В этот момент все встало на свои места. Коллекция отца – это не просто предметы. Это ловушки, якоря, тюрьмы для сущностей и сил, о которых лучше не знать. Отец не просто собирал их – он пытался их контролировать, изучать, возможно, использовать. Этот «Хранитель» в бочке был самым сильным, самым древним. Он питался не пищей, а… жизненной силой. Энергией. Разумом. Он медленно высасывал отца, как вампир, отсюда его безумие, его угасание. Бульканье – звук его трапезы. И теперь, потревоженный, он учуял новую жертву – Элиаса.

В подвале стало темнеть. Тени ожили, поползли по стенам, принимая угрожающие формы. Стеллажи задрожали. Со статуй посыпалась пыль, и их каменные глаза, казалось, повернулись к бочке. Коллекция просыпалась. Артефакты начали «говорить» – в голове Элиаса зазвучали шепоты, нашептывая обрывки древних знаний, обещая силу, угрожая расправой. Темный, скользкий голос, исходящий от самой слизи, заполз в его сознание: «Голод… Дайте… Ваша сила… Ваши годы… Ваши сны…»

Наверху раздался крик отца – безумный, полный ужаса. Аркадий спустился! Его глаза были безумными, но в них горела последняя искра осознания. «Закрой!» – закричал он, падая на колени перед бочкой. «Ты не понимаешь! Я… я держал его! Он давал мне знание! Он обещал… вечность! Вечность с твоей матерью!» В его крике была вся боль потери, вся извращенная логика его жертвы.

Элиас понял выбор:

  1. Уничтожить. Залить бочку бензином (он знал, где отец хранит канистры для ламп), поджечь. Уничтожить «Хранителя» и, возможно, всю коллекцию, спасти отца и себя. Но это значит стереть дело всей жизни отца, его наследие, его безумную мечту о воссоединении.

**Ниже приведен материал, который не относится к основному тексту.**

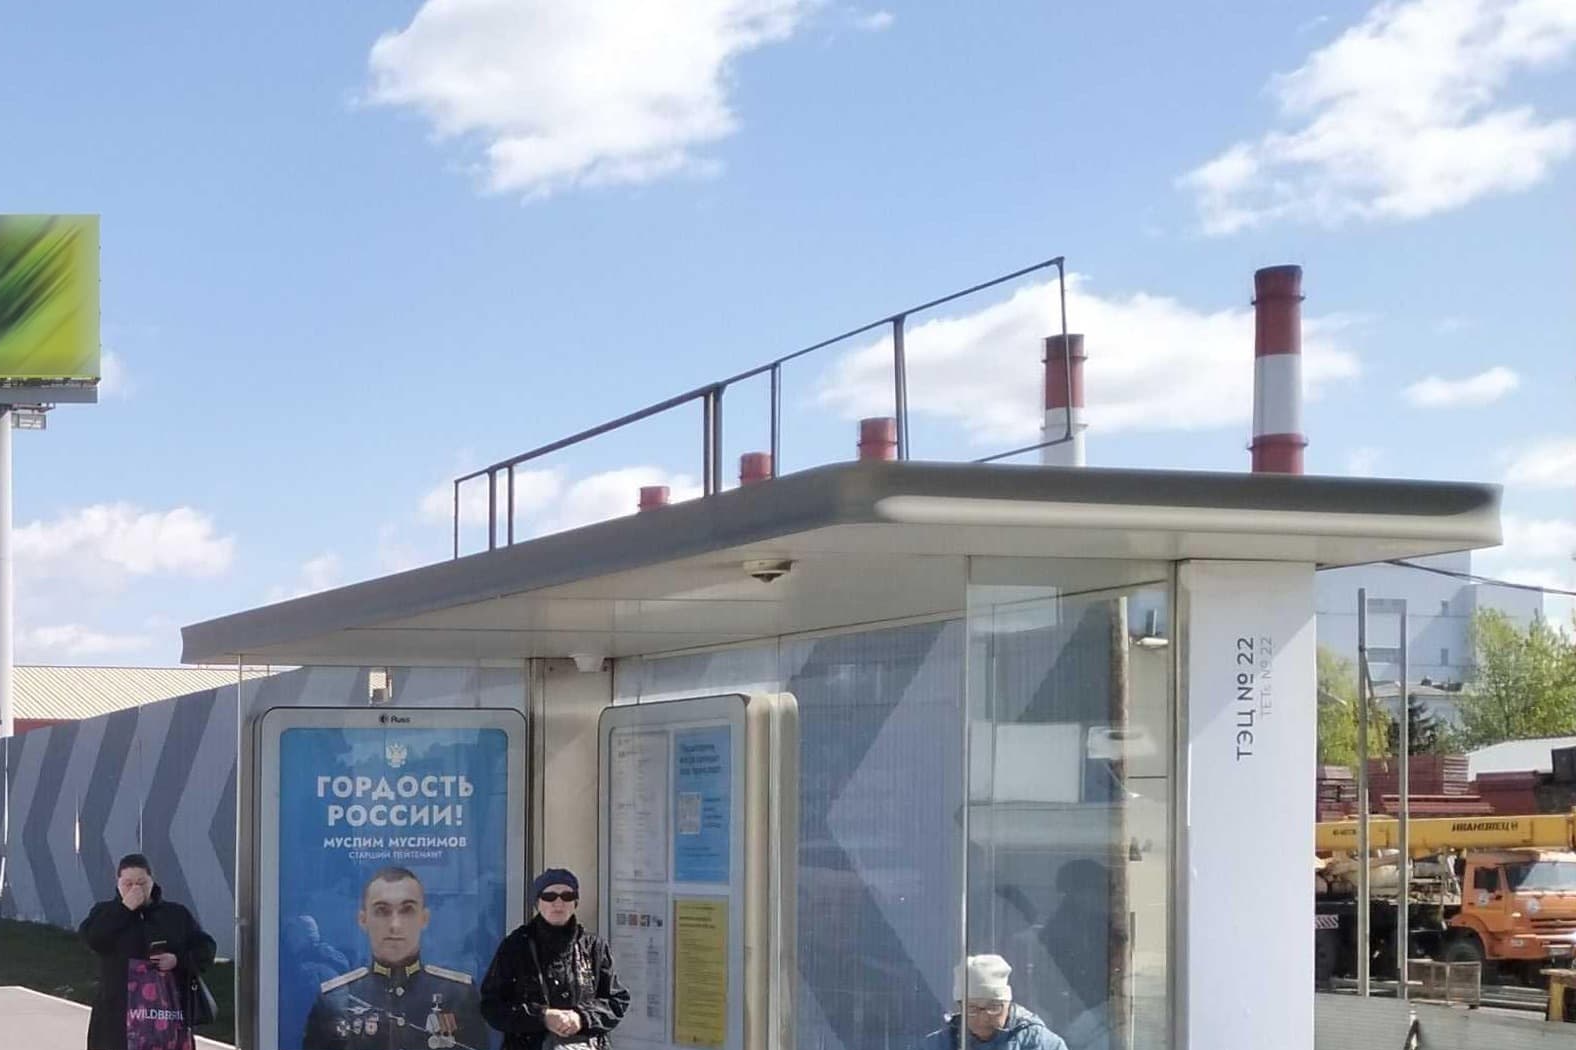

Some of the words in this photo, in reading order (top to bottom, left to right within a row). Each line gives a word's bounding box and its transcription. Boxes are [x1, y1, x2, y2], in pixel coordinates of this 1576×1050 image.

[1236, 637, 1254, 665] 22
[1236, 709, 1256, 761] ТЭЦ
[317, 775, 474, 801] ГОРДОСТЬ
[328, 804, 464, 827] РОССИИ!
[324, 836, 384, 848] МУСЛИМ
[388, 836, 467, 848] МУСЛИМОВ
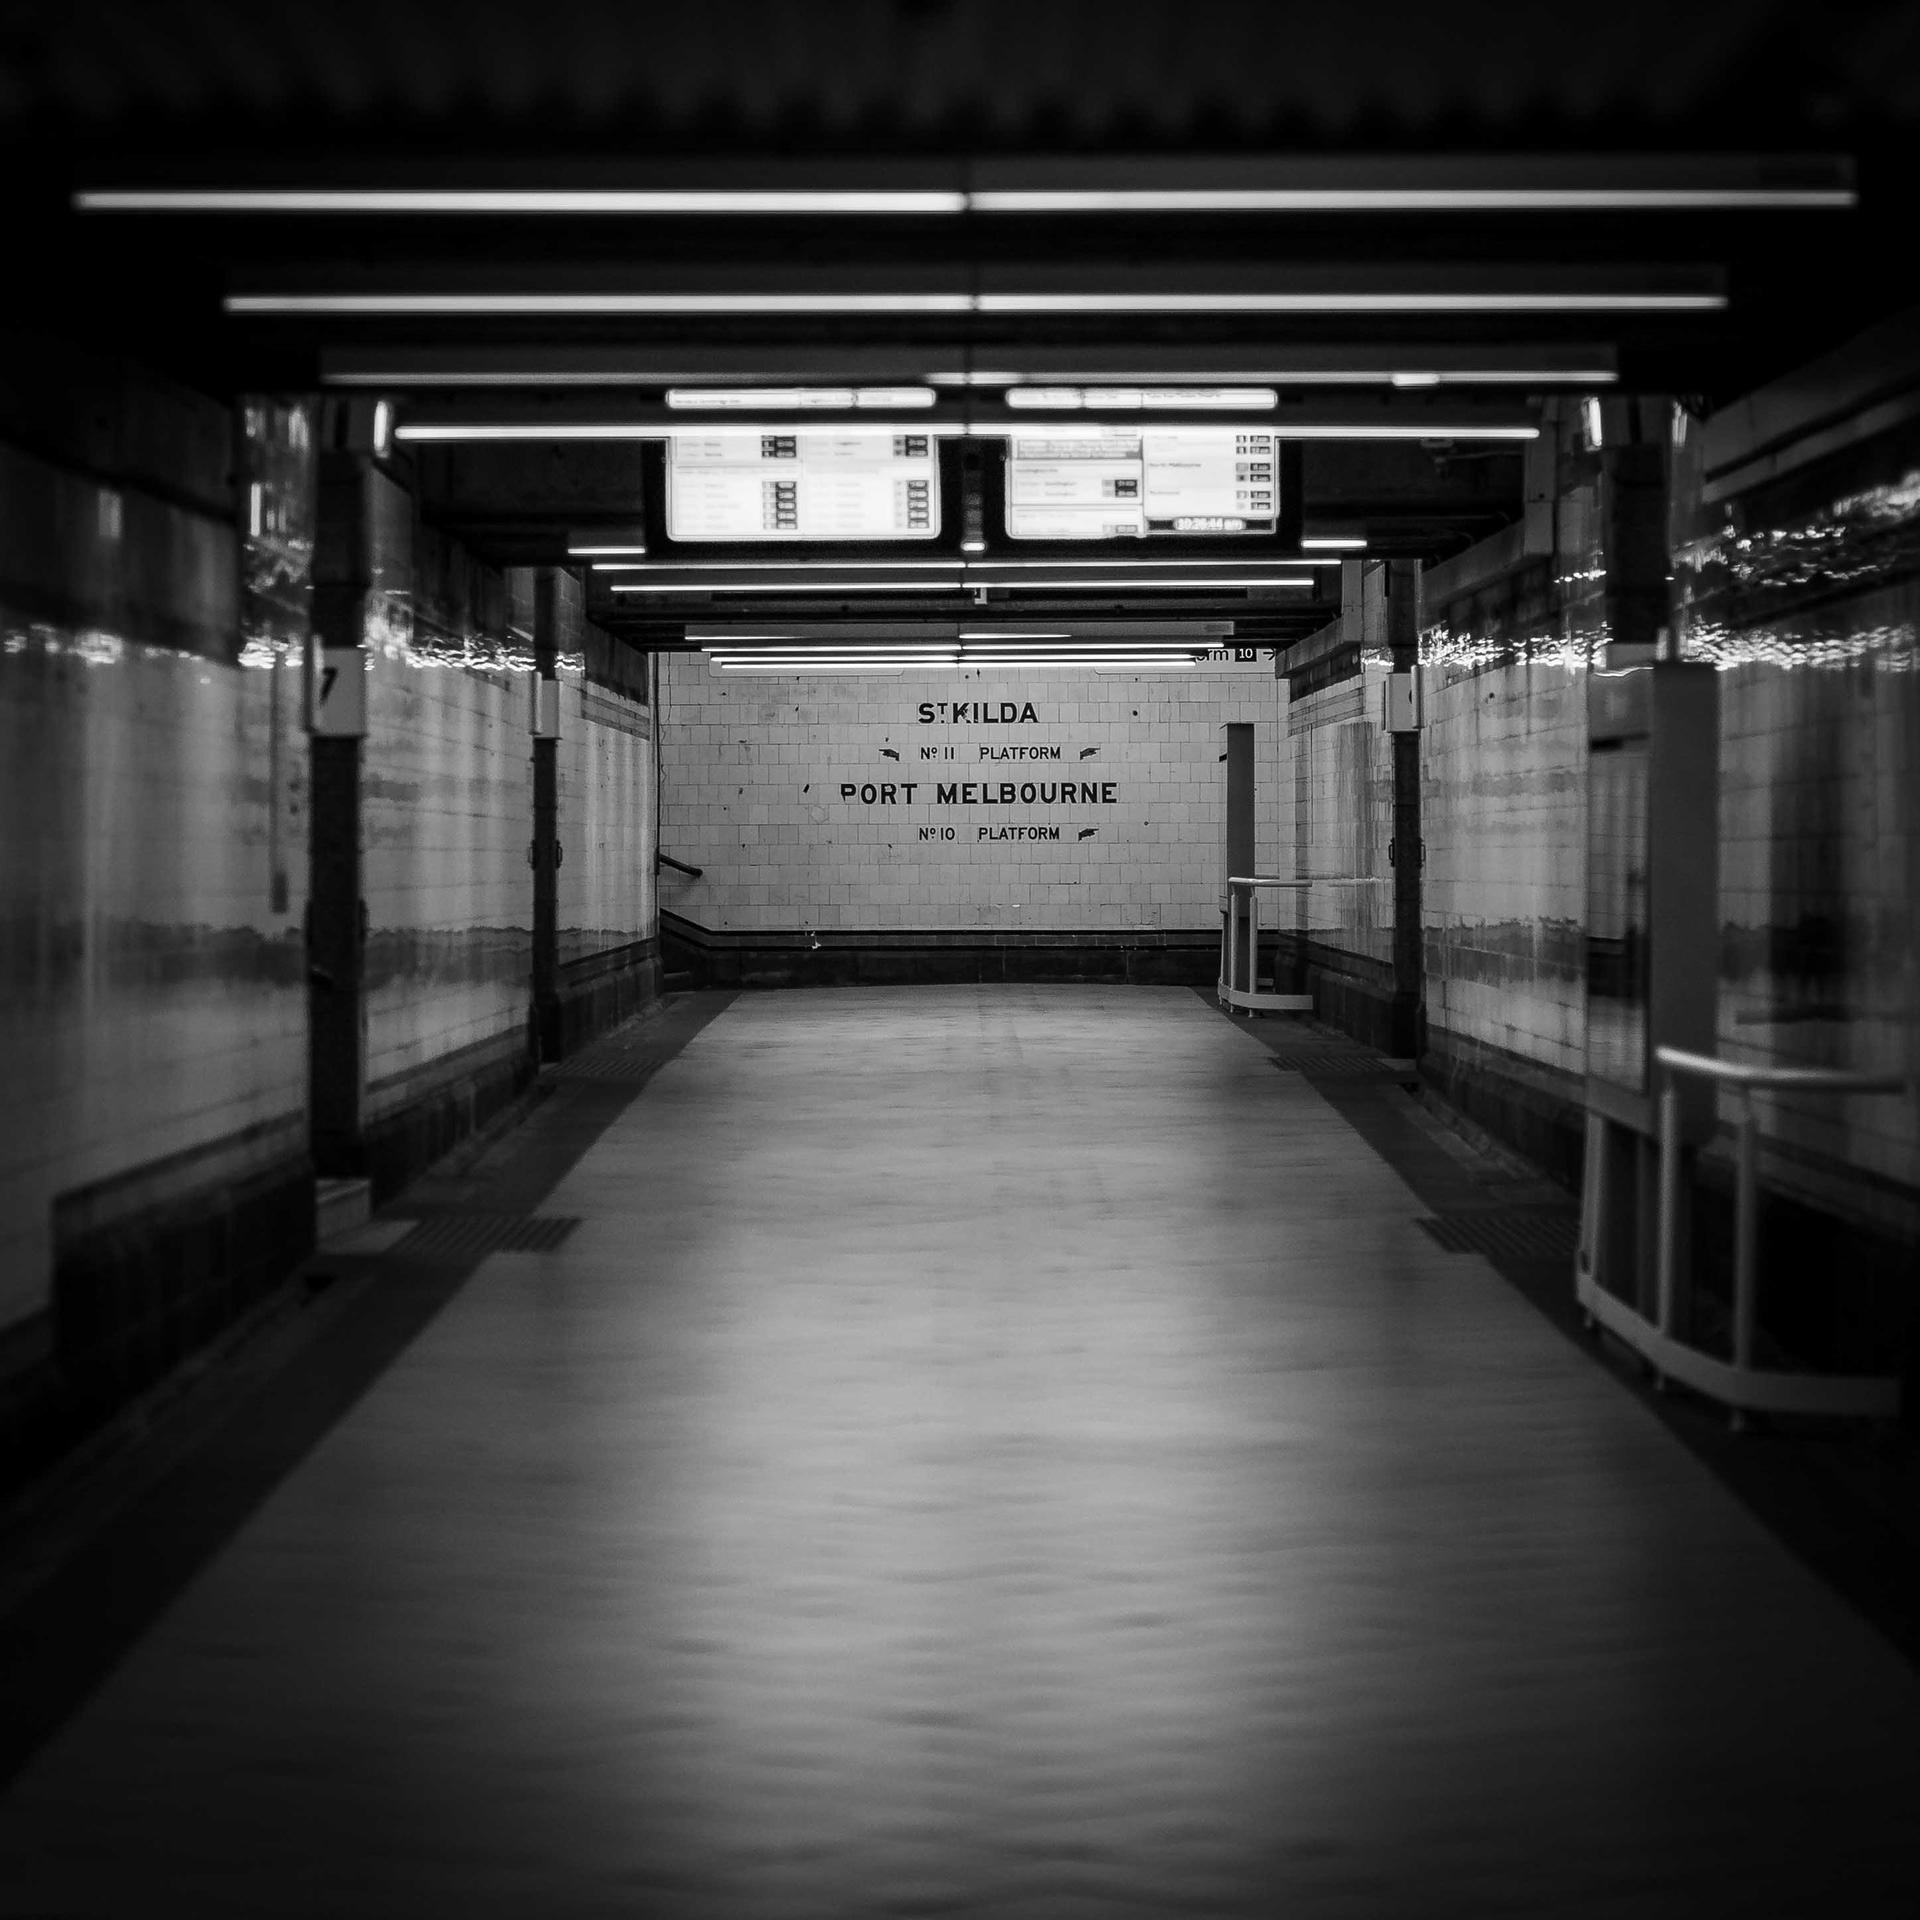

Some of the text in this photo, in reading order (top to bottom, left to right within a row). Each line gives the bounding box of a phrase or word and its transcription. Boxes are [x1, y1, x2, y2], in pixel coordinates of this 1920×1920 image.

[1239, 648, 1254, 659] 10
[952, 702, 1039, 724] KILDA
[979, 746, 1061, 760] PLATFORM
[840, 782, 1118, 805] PORT MELBOURNE
[977, 826, 1060, 842] PLATFORM

И кто знает, что высвободится при уничтожении такого существа?
  2. Сохранить. Запечатать бочку, попытаться вернуть статус-кво. Но «Хранитель» уже пробудился, он жаждет больше. Он убьет отца и возьмется за Элиаса. А коллекция… эти артефакты уже не уснут. Они будут отравлять дом, а может, и весь город.

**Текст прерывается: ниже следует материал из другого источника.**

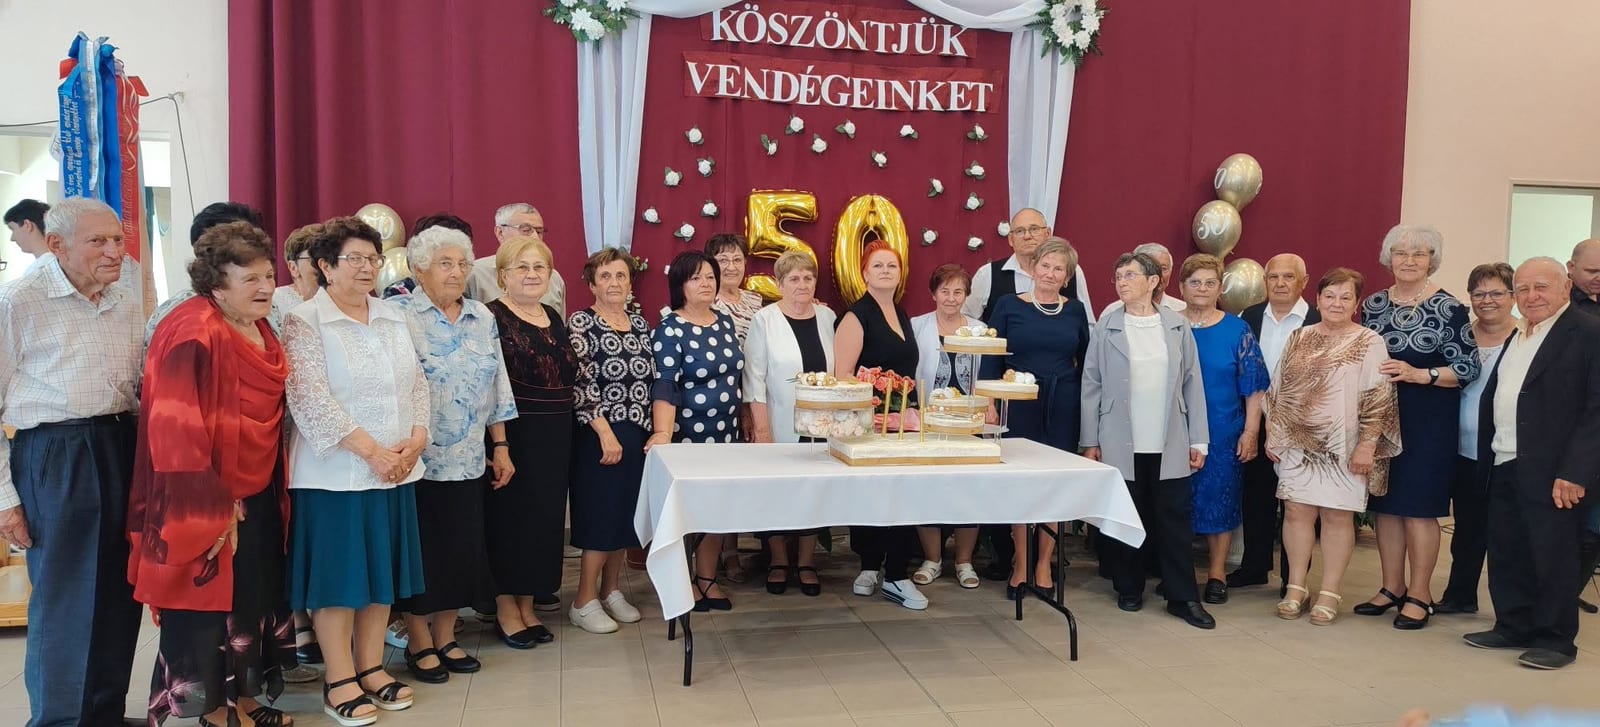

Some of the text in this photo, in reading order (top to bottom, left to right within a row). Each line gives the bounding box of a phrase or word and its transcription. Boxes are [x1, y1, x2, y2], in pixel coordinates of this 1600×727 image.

[711, 3, 968, 57] KÖSZÖNTJÜK
[686, 61, 993, 112] VENDÉGEINKET
[745, 188, 909, 305] 50
[1197, 212, 1230, 240] 50

Глу-глу-глу… Плюх. Звук стал громче, настойчивее. Слизь в бочке заволновалась, потянувшись к Аркадию, как щупальца. Тени сгущались вокруг Элиаса, холодные пальцы бестелесных сущностей касались его разума, пытаясь сломить волю. Шепоты переросли в рокот. Он видел отчаяние в глазах отца, смешанное с безумной надеждой.

Сжимая лом до побеления костяшек, Элиас бросил взгляд на канистру в углу. Потом на отца, который теперь протягивал дрожащую руку к пульсирующей массе, бормоча имя умершей жены. Любовь? Долг? Страх? Гнев на отца за то, что он впустил эту тьму в их жизнь?

Решение созрело в нем, холодное и тяжелое. Он сделал шаг. Не к канистре. Не к отцу. Он шагнул к бочке, подняв лом над головой, целиком в луч фонаря, который уже едва пробивался сквозь сгустившуюся тьму подвала. Его лицо было искажено не столько страхом, сколько яростной решимостью.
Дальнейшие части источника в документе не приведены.